YOUR ASSIGNMENT: This exercise needs all of the entries set down again, exactly as they read.
Top of INPUT DATA
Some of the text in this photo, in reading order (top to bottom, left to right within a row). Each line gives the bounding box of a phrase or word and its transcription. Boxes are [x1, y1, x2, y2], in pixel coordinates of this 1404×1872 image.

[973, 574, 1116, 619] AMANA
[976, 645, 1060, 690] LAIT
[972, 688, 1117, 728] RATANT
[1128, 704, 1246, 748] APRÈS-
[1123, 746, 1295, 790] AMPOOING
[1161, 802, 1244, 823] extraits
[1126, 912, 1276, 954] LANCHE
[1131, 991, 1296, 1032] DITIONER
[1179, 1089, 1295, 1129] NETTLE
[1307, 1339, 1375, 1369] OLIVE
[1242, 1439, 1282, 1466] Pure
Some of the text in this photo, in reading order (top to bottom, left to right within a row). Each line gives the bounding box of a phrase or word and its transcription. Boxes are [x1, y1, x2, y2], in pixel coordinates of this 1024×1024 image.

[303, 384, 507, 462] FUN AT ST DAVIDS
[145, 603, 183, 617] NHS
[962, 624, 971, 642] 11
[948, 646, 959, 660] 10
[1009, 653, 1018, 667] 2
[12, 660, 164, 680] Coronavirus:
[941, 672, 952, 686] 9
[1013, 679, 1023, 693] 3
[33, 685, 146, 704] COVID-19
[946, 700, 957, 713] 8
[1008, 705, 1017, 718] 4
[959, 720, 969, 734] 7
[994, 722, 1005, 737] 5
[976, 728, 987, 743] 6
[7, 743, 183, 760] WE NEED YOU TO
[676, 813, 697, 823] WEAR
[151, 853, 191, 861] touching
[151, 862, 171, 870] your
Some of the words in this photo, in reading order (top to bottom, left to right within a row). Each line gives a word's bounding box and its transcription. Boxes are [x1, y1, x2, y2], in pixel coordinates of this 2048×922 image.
Bottom of INPUT DATA
TASK ANSWER:
Some of the text in this photo, in reading order (top to bottom, left to right within a row). Each line gives the bounding box of a phrase or word and its transcription. Boxes are [x1, y1, x2, y2], in pixel coordinates of this 1404×1872 image.

[973, 574, 1116, 619] AMANA
[976, 645, 1060, 690] LAIT
[972, 688, 1117, 728] RATANT
[1128, 704, 1246, 748] APRÈS-
[1123, 746, 1295, 790] AMPOOING
[1161, 802, 1244, 823] extraits
[1126, 912, 1276, 954] LANCHE
[1131, 991, 1296, 1032] DITIONER
[1179, 1089, 1295, 1129] NETTLE
[1307, 1339, 1375, 1369] OLIVE
[1242, 1439, 1282, 1466] Pure
Some of the text in this photo, in reading order (top to bottom, left to right within a row). Each line gives the bounding box of a phrase or word and its transcription. Boxes are [x1, y1, x2, y2], in pixel coordinates of this 1024×1024 image.

[303, 384, 507, 462] FUN AT ST DAVIDS
[145, 603, 183, 617] NHS
[962, 624, 971, 642] 11
[948, 646, 959, 660] 10
[1009, 653, 1018, 667] 2
[12, 660, 164, 680] Coronavirus:
[941, 672, 952, 686] 9
[1013, 679, 1023, 693] 3
[33, 685, 146, 704] COVID-19
[946, 700, 957, 713] 8
[1008, 705, 1017, 718] 4
[959, 720, 969, 734] 7
[994, 722, 1005, 737] 5
[976, 728, 987, 743] 6
[7, 743, 183, 760] WE NEED YOU TO
[676, 813, 697, 823] WEAR
[151, 853, 191, 861] touching
[151, 862, 171, 870] your
Some of the words in this photo, in reading order (top to bottom, left to right within a row). Each line gives a word's bounding box and its transcription. Boxes are [x1, y1, x2, y2], in pixel coordinates of this 2048×922 image.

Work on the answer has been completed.